Las prostitutas de la Rusia pre-revolucionaria vivían en una situación cercana a la esclavitud. Esta situación quedó levemente aliviada cuando el gobierno introdujo los libros de cuentas en los prostíbulos. Gracias a ello, las prostitutas que poseían cartilla pudieron ganar algo más de dinero y, a la vez, liberarse un tanto del yugo todopoderoso de la matrona. Las prostitutas de cartilla eran aquéllas que, al ser registradas, adquirían una cartilla amarilla que venía a sustituir el pasaporte que les había sido retirada. Al ser registradas, estas prostitutas quedaban empadronadas en un burdel oficial en concreto y contraían una obligación: la de pasar exámenes médicos de manera regular.

Prostitutas de cédula en blanco

La prostitución de cartilla no era, sin embargo, la única forma de prostitución en la Rusia pre-revolucionaria. Existían prostitutas que no estaban agregadas a casa alguna de tolerancia. A estas prostitutas se las llamaba prostitutas en blanco porque disponían de una cédula en blanco que les era entregada cuando, tras una redada, eran obligadas a registrarse en el comité policial-sanitario.

Las prostitutas de cédula en blanco eran las parias de la prostitución en la Rusia pre-revolucionaria. Por un lado, no tenían autorizado trabajar en el centro de la ciudad. Por otro, debían enfrentarse a dos situaciones nada envidiables: o “pertenecer” a un proxeneta o arriesgar su vida yendo por libre en una ciudad en la que no faltaban las agresiones contra las prostitutas. Sin ir más lejos, hay documentado un buen número de asesinatos de prostitutas de cédula en blanco en San Petersburgo durante el bienio 1908-1910.

Junto a la de las prostitutas de cartilla y a la de las prostitutas de cédula en blanco existía otra forma de ejercer la prostitución en la Rusia pre-revolucionaria: la de las prostitutas “aristócratas”, es decir, la de las prostitutas de lujo de la época. Éstas recibían a sus clientes en lujosos apartamentos y gozaban de una independencia muy envidiada por otras prostitutas de la época.

Prostitutas clandestinas

Más allá de estas formas visibles de prostitución existía una a la que debemos hacer referencia si queremos mostrar un retrato lo más completo posible de la prostitución durante la Rusia pre-revolucionaria. Estamos hablando de las prostitutas que carecían de cartilla y también de cédula en blanco. ¿El número total de ellas? Mucho mayor que el de las prostitutas registradas. Como podemos imaginar, el mercado de esta prostitución clandestina estaba controlado por organizaciones criminales.

Las prostitutas clandestinas, al revés de los que sucedía con las prostitutas de cartilla y las prostitutas de cédula blanca, no pasaban controles médicos. Como se puede imaginar, esto se traducía en un alto porcentaje de enfermedades venéreas. Hay estadísticas que apuntan a que en 1914 el porcentaje de prostitutas que habían contraído la sífilis oscilaba alrededor del 76%.
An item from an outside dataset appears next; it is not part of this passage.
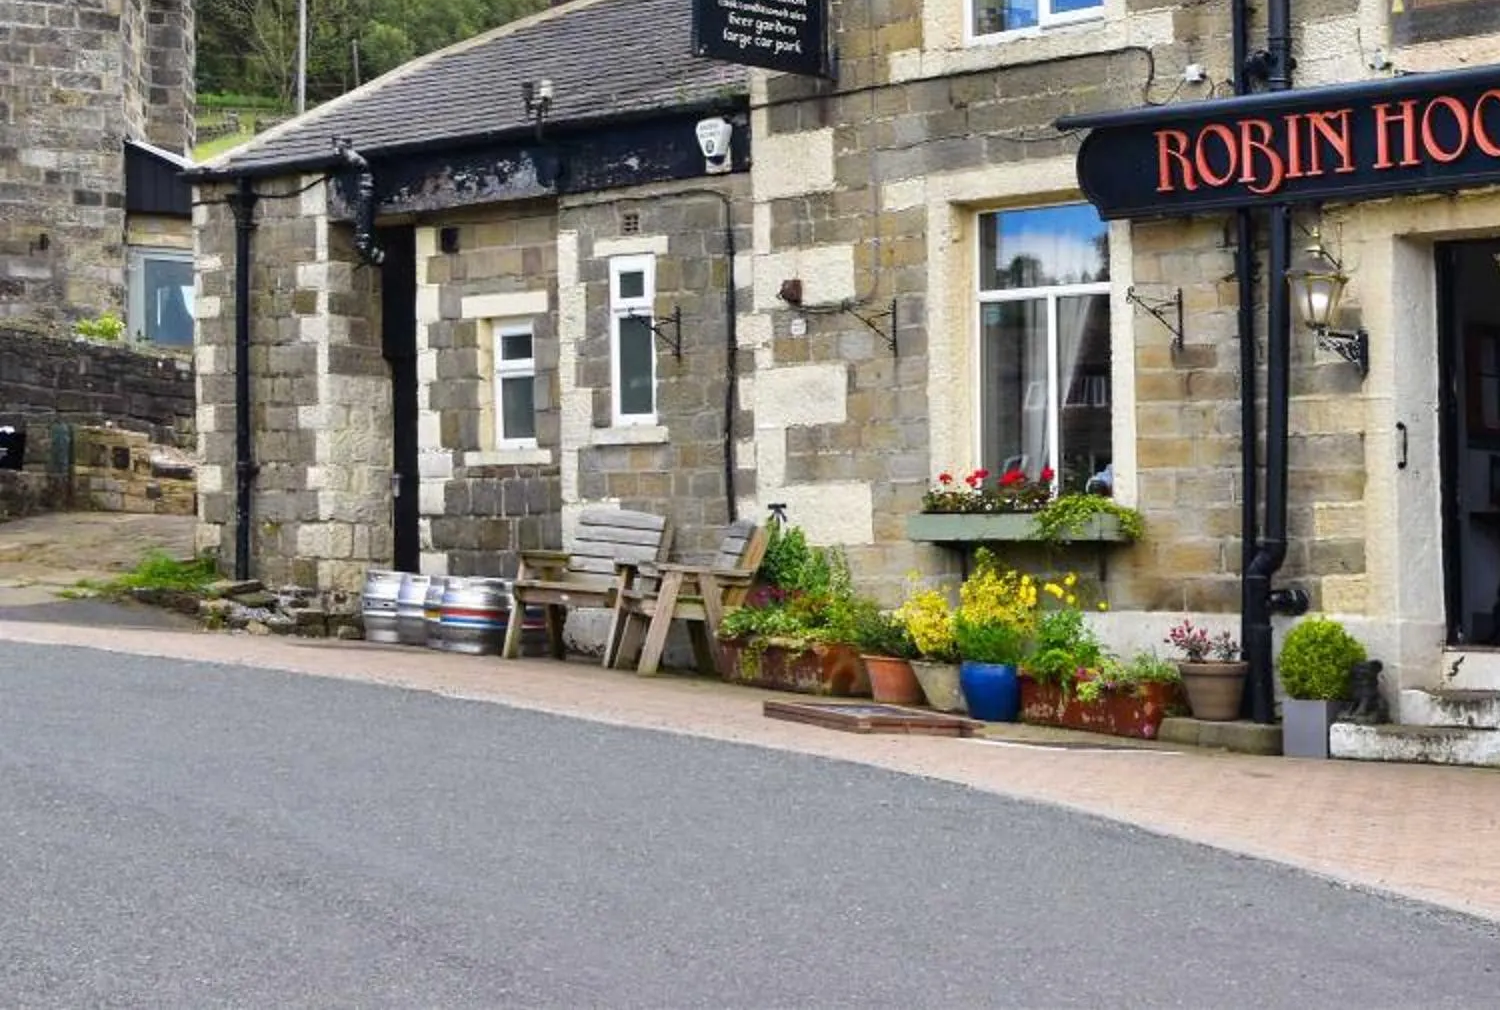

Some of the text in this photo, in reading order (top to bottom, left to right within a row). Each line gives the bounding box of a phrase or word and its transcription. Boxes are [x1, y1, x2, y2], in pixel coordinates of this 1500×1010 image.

[728, 11, 797, 36] beer garden
[723, 26, 803, 55] large car park
[1154, 108, 1354, 194] ROBIN
El estallido de la revolución y el triunfo bolchevique supuso un cambio radical en la legislación sobre prostitución en Rusia: se declaró ilegal la prostitución y se suprimió el comité policial-sanitario. Lógicamente, eso no hizo que la prostitución desapareciera. Como mucho, hizo que la prostitución se ejerciera en circunstancias aún más deplorables que las que habían caracterizado las décadas anteriores. Y es que la prohibición de una cosa no siempre se traduce en la desaparición de ésta.